**THE INPUT**
--- START ---

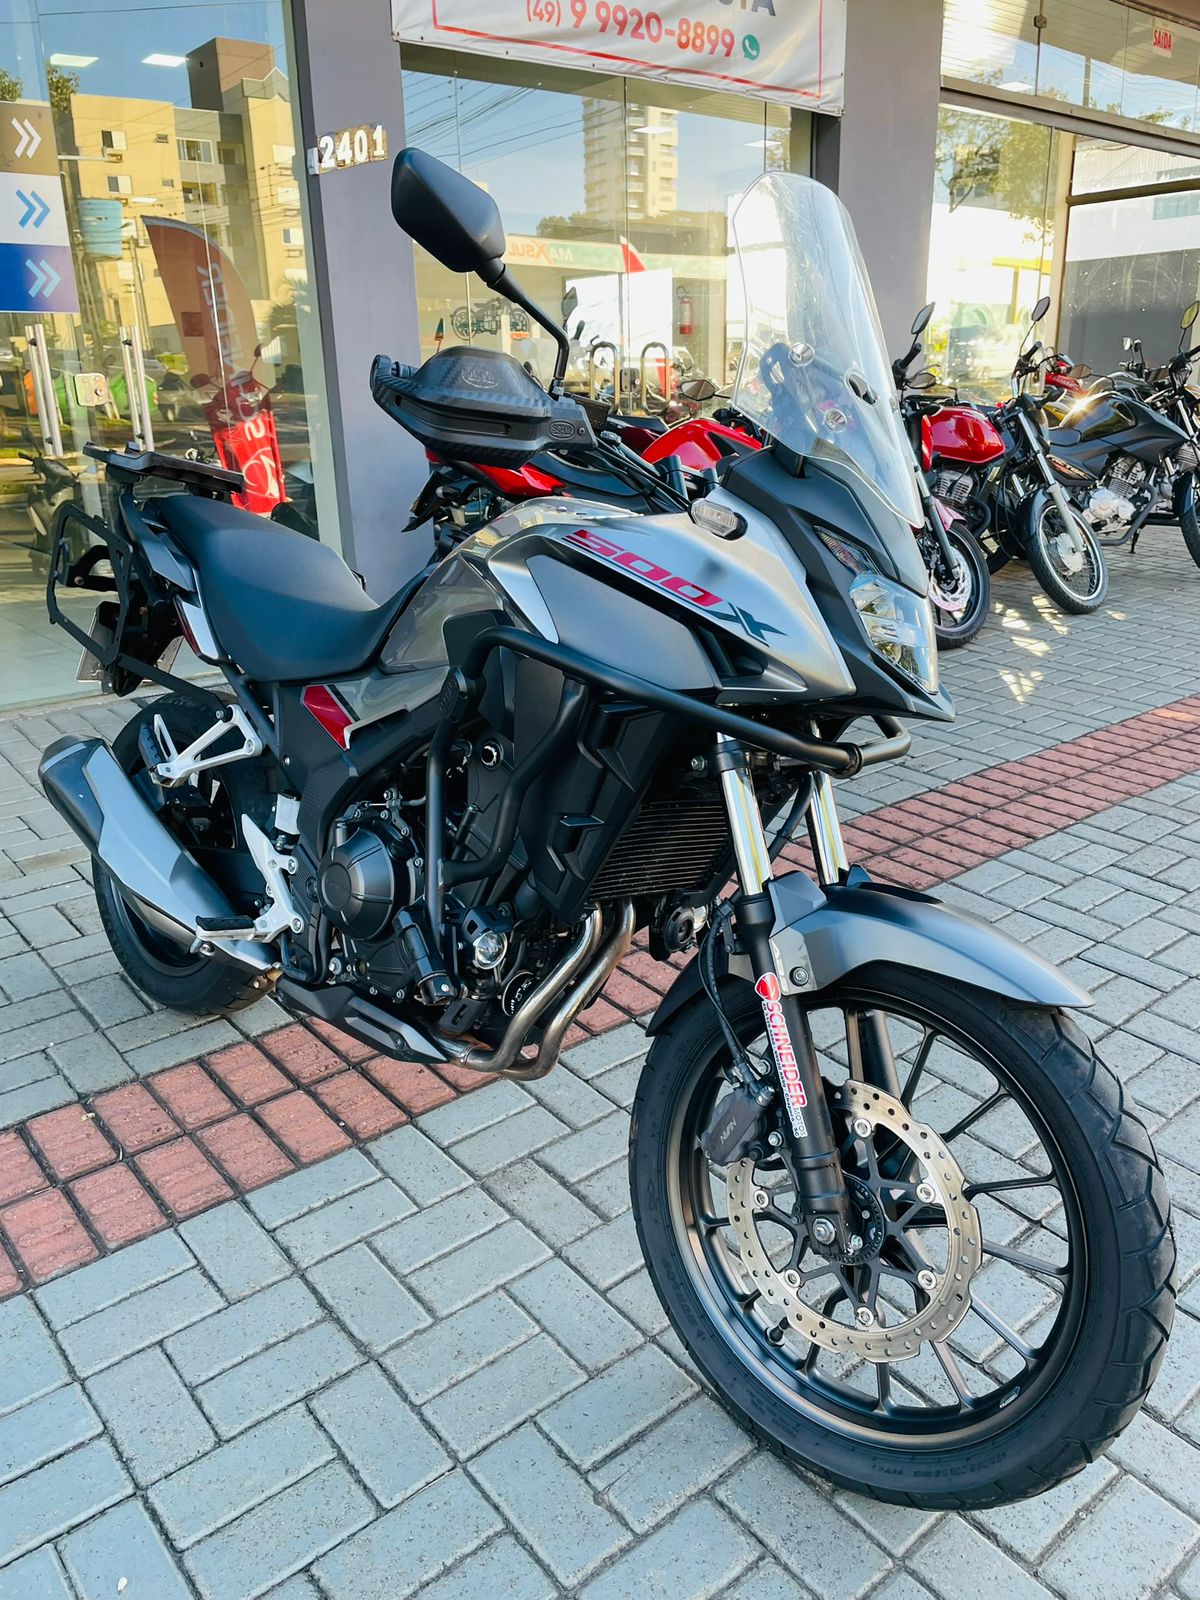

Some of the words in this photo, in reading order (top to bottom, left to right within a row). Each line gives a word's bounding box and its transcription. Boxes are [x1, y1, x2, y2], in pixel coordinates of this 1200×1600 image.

[526, 0, 562, 27] (49)
[570, 0, 587, 28] 9
[595, 2, 735, 57] 9920-8899
[319, 125, 385, 168] 2401
[767, 1001, 807, 1108] SCHNEIDER
[793, 1107, 807, 1136] MOTOS
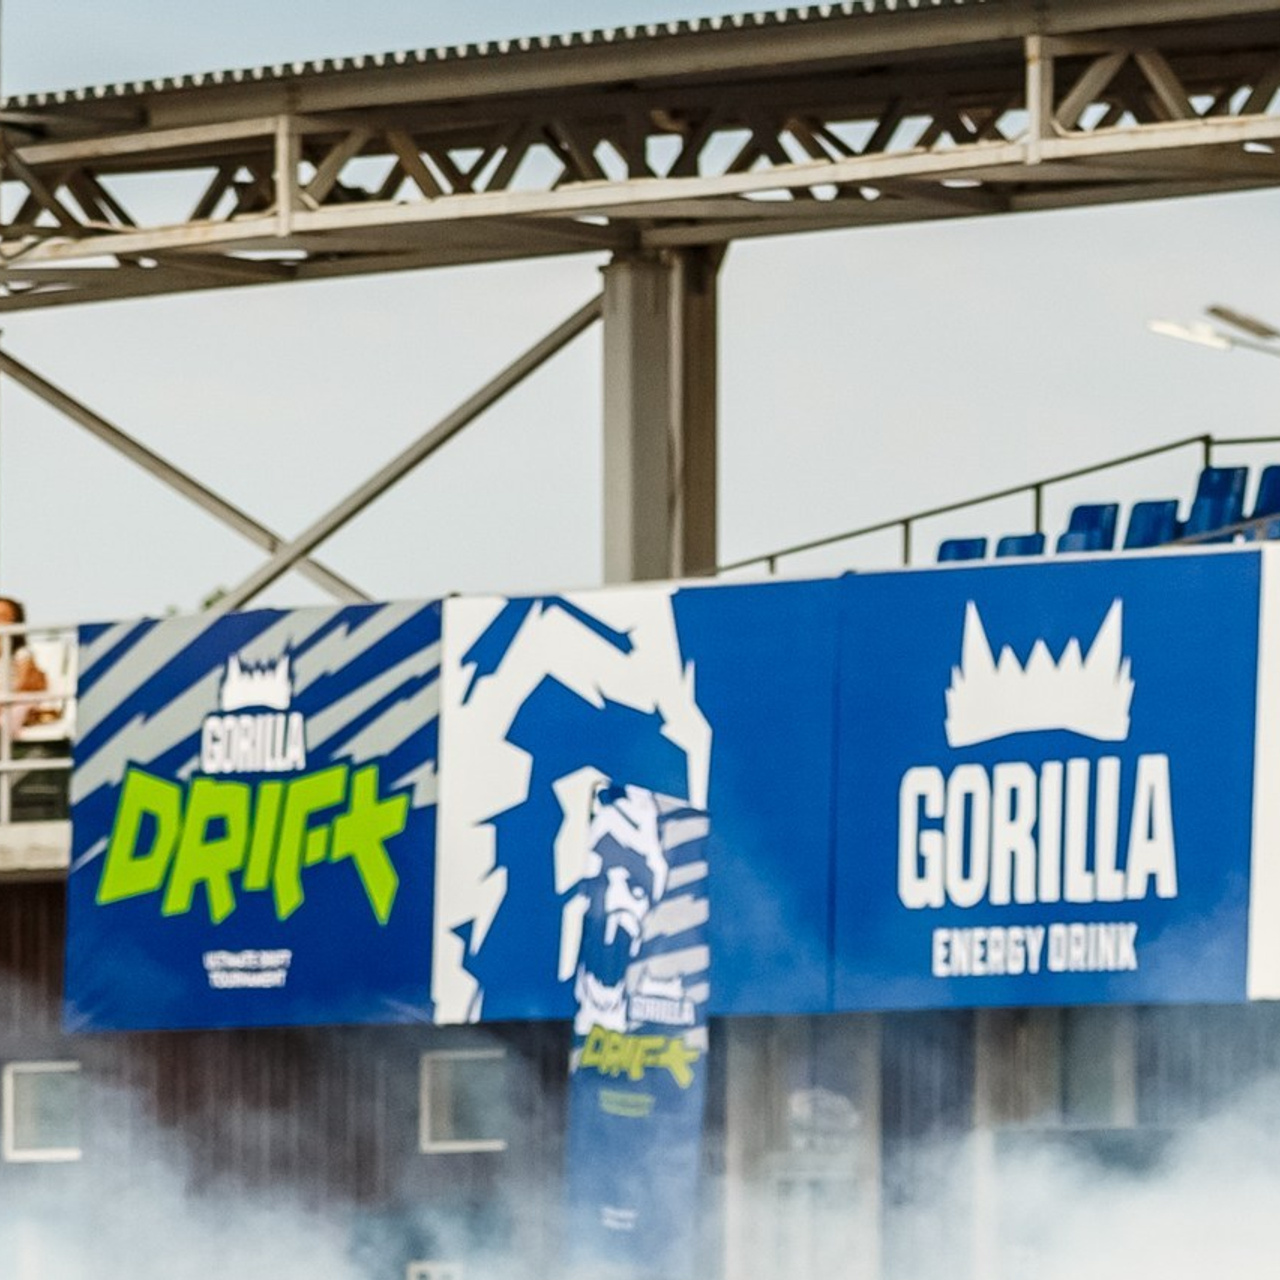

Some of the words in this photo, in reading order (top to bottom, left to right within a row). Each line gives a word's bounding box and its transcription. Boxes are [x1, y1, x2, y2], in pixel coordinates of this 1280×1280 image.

--- END ---

**WORK INSTRUCTIONS**
The records above need to be given again exactly. Omit the pictures.

**EXERCISE ANSWER**
Some of the words in this photo, in reading order (top to bottom, left to right within a row). Each line gives a word's bounding box and its transcription. Boxes are [x1, y1, x2, y2], in pixel coordinates of this 1200×1600 image.

[526, 0, 562, 27] (49)
[570, 0, 587, 28] 9
[595, 2, 735, 57] 9920-8899
[319, 125, 385, 168] 2401
[767, 1001, 807, 1108] SCHNEIDER
[793, 1107, 807, 1136] MOTOS

Some of the words in this photo, in reading order (top to bottom, left to right within a row). Each line gives a word's bounding box and its transcription. Boxes are [x1, y1, x2, y2], in pixel coordinates of this 1280×1280 image.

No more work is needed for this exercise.